Leedmark, the mammoth French-owned "hypermarket" that came to Glen Burnie in 1991 amid boasts that it would stock everything from Sonys to baloney, is apparently about to say au revoir.
Cut off from credit by suppliers and threatened with bankruptcy, the sprawling store has been denied further infusions of cash from its French parent company, according to sources in the grocery business.
"I know that they're getting ready to go through a liquidation sale," said Don Bennett, chairman and chief executive of Richmond-based Richfood Holdings Inc., Leedmark's largest grocery supplier.
Mr. Bennett, whose company has required Leedmark to pay for deliveries in cash for "quite some time," said he expects a "major decision" to be made within 72 hours.
Leedmark spokesman Edward Segal declined to give any assurances about Leedmark's long-term prospects. He said Leedmark would have an announcement to make Monday.
Leedmark's creditors might not be willing to wait that long, however.
Bill Harrison, president of Graphtec Inc., said his Baltimore graphic arts company is holding "serious discussions" with Leedmark over unpaid bills and was "not very encouraged by what we were told."
Mr. Harrison said he expects to hold further discussions with Leedmark tomorrow and that he probably would make a decision after that. He said that filing a petition for an involuntary Chapter 7 bankruptcy liquidation is being considered.
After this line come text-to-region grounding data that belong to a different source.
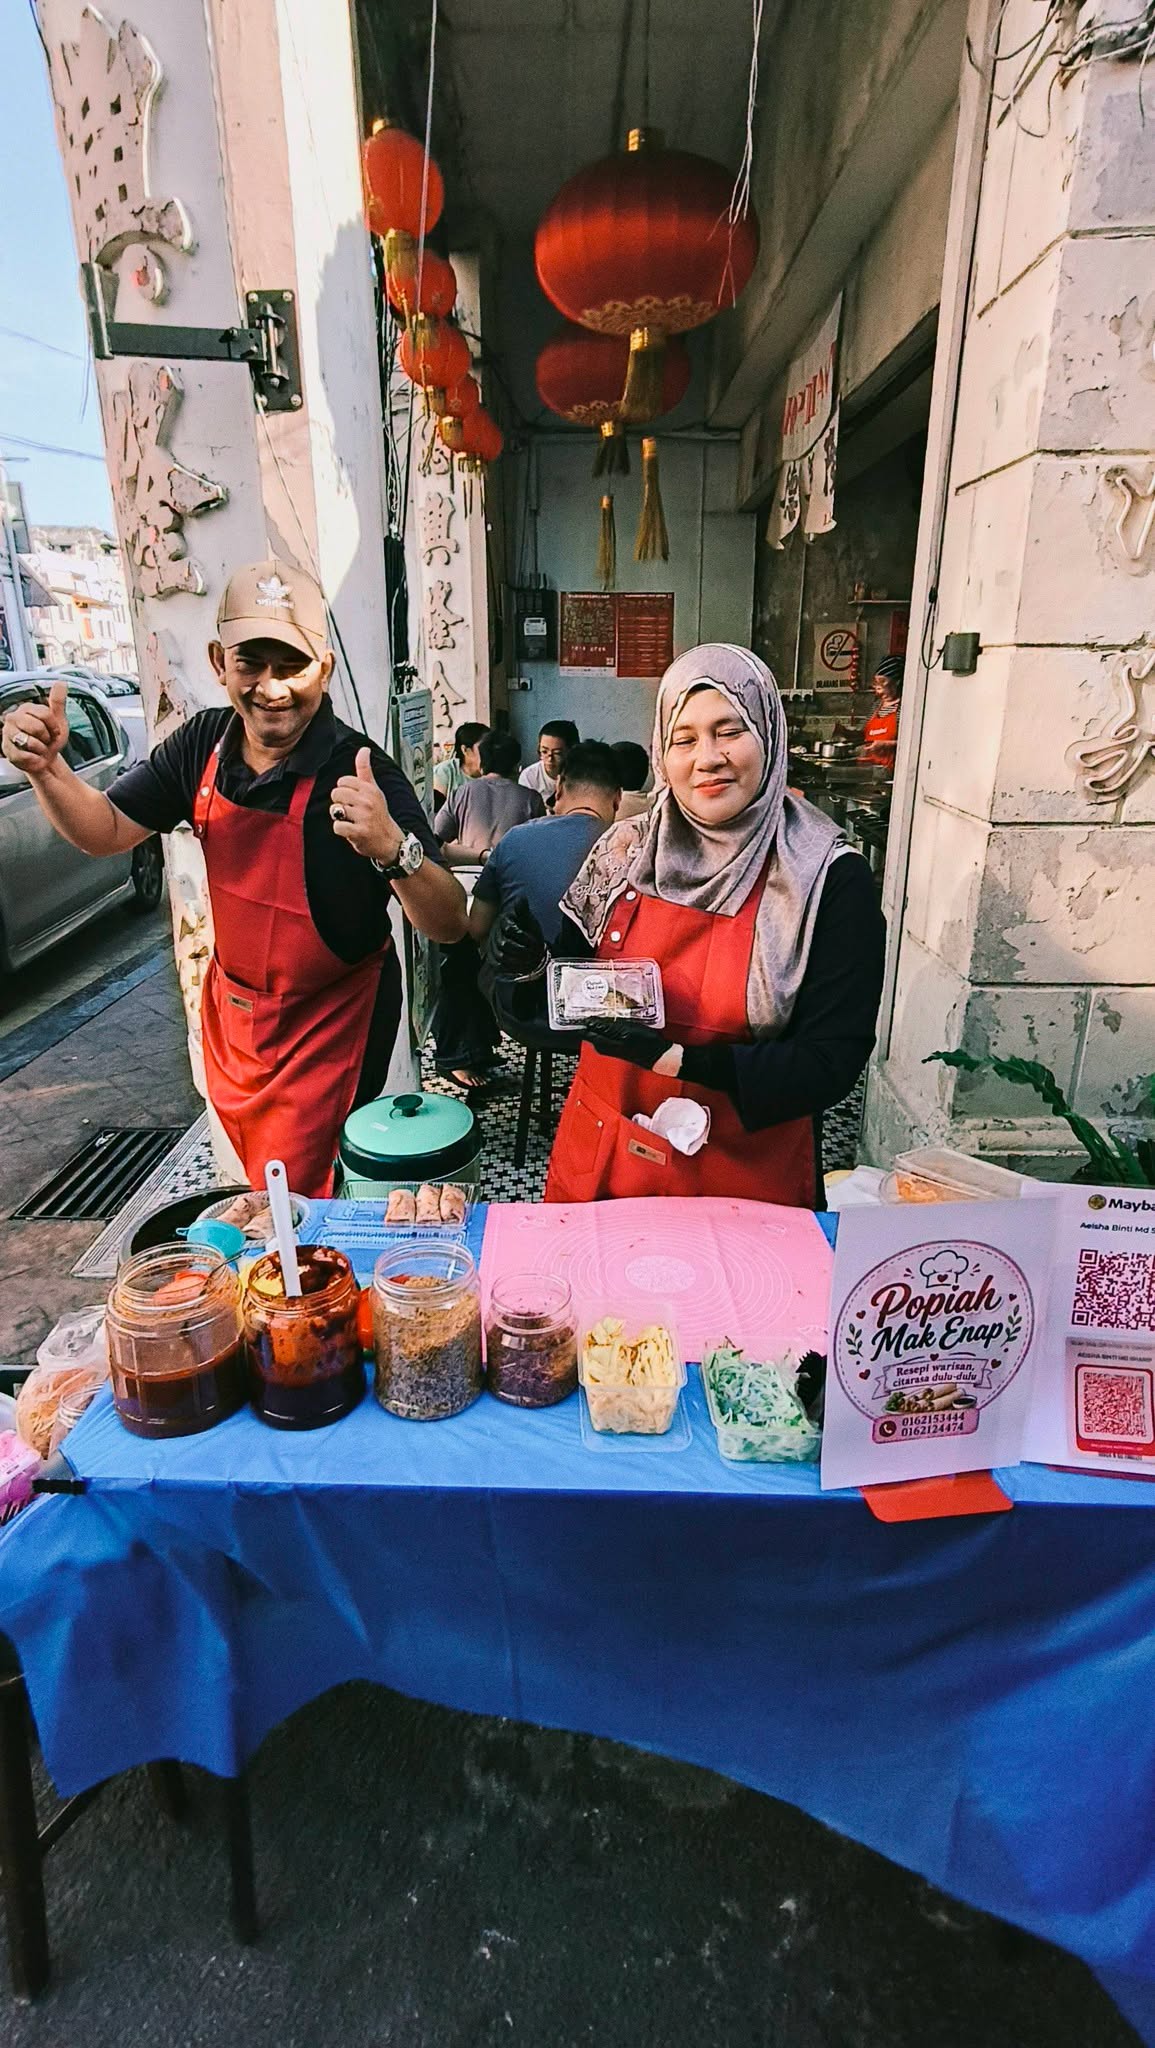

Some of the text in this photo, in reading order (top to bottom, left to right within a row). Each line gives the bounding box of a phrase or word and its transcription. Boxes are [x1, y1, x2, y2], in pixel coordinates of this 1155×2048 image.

[1080, 1222, 1110, 1231] Aeisha
[871, 1274, 1002, 1329] Popiah
[870, 1316, 1004, 1362] Mak Enap
[896, 1362, 975, 1376] Resepi warisan,
[893, 1372, 977, 1387] citarasa dulu-dulu
[902, 1412, 965, 1427] 0162153444
[901, 1422, 964, 1437] 0162124474
When it opened the doors of its building -- the size of an airport terminal -- in May 1991, Leedmark was touted as a revolutionary "one-stop shopping" concept that would combine the best features of a grocery store and a discount department store under one roof.
It didn't take long for the roof to fall in on Leedmark's business, however. In January 1992, shortly after a well-publicized promotion in which it sold 30,000 turkeys for 28 cents a pound, the company announced its first layoffs. That August, a new Wal-Mart store opened in Glen Burnie, intensifying the already cutthroat retail competition in northern Anne Arundel County.
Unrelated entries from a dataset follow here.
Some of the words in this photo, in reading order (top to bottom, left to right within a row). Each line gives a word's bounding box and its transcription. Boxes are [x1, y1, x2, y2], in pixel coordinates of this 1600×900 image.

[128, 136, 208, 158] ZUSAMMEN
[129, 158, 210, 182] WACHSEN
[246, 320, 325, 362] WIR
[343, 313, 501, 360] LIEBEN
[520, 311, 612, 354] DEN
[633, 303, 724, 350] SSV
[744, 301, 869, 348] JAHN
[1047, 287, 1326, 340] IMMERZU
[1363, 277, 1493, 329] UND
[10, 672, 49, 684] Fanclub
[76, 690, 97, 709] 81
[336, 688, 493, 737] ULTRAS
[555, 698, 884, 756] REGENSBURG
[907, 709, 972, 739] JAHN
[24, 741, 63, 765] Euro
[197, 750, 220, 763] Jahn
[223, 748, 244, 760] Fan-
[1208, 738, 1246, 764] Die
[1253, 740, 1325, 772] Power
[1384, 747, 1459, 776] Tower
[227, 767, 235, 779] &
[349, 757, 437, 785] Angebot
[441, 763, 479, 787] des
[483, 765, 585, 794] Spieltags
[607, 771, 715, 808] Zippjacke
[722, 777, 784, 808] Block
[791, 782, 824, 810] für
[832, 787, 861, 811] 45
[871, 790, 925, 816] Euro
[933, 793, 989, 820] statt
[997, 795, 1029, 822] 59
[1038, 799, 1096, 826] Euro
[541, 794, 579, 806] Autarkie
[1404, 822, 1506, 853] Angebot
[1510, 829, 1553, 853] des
As the local economy steadily declined, Leedmark officials backed off from their early talk of opening 20 or more stores in the mid-Atlantic region.
In November 1992, the company announced plans to build a second store in the Baltimore-Washington area. But three months later, the board of Leedmark's parent, New Eldis Corp., ousted the store's expansion-minded French chairman, Didier Leconte, and canceled plans for a second store.
Mr. Leconte, reached yesterday at his home in Bethesda, said that shortly after that the French owner of New Eldis, the giant Leclerc Group, cut off the flow of funds that subsidized %o Leedmark's operations.
The Leclerc Group replaced Mr. Leconte with Richard Schroeder, an executive with no retail experience who was widely viewed as a caretaker.
Mr. Leconte said the decision to stick with one store hurt Leedmark because it could never achieve the buying power and the marketing leverage it needed.
But many outside retail experts were never impressed with the basic idea behind the store. They expressed doubts that Americans wanted to throw clothing and stereos into the same grocery cart with their meat and produce.
Industry executives generally credited Leedmark with running a good grocery operation. Mr. Bennett said "they did a tremendous food business," and the regional grocery trade paper Food World estimated Leedmark's first-year sales of typical grocery store products at $58.6 million, making it the No. 1 individual grocery store in the Baltimore area.
The problems apparently were on the nongrocery side. The aisles were jammed on Saturdays and Sundays with families doing their grocery shopping, but the store was seldom busy on weekday nights.
Leedmark insisted on the term "hybrid market," though few others could discern any difference between that and a "hypermarket" -- a European idea that has been a conspicuous failure in the United States.
As recently as September, Carrefour Supermarche SaSA, another large French retailer, pulled the plug on two money-losing hypermarkets in Philadelphia.
Even before Leedmark opened, the store was dogged by the poor image of Carrefour's stores. Its parent company reacted by vigorously denying its French heritage and trying to bolster its all-American credentials with a red, white and blue store design.
It didn't work. More than a year ago, Kenneth M. Gassman Jr., a retail analyst with Davenport & Co. in Richmond, Va., gave his opinion of the reason:
"There's something about hypermarkets that American consumers don't like."
HYPERMARKET FAILS (APPEARED IN THE CARROLL EDITION ONLY)
Leedmark, a giant combination of grocer and discount retailer, was intended to be the first of many stores when it opened in 1991. But it has not turned out that way.
The store's goal was to dazzle consumers with a "one-stop shopping" concept, but many shoppers apparently went for groceries and not much else. The French owners cut off its money supply this year, and Leedmark's credit suffered.
An announcement about Leedmark's future is expected Monday.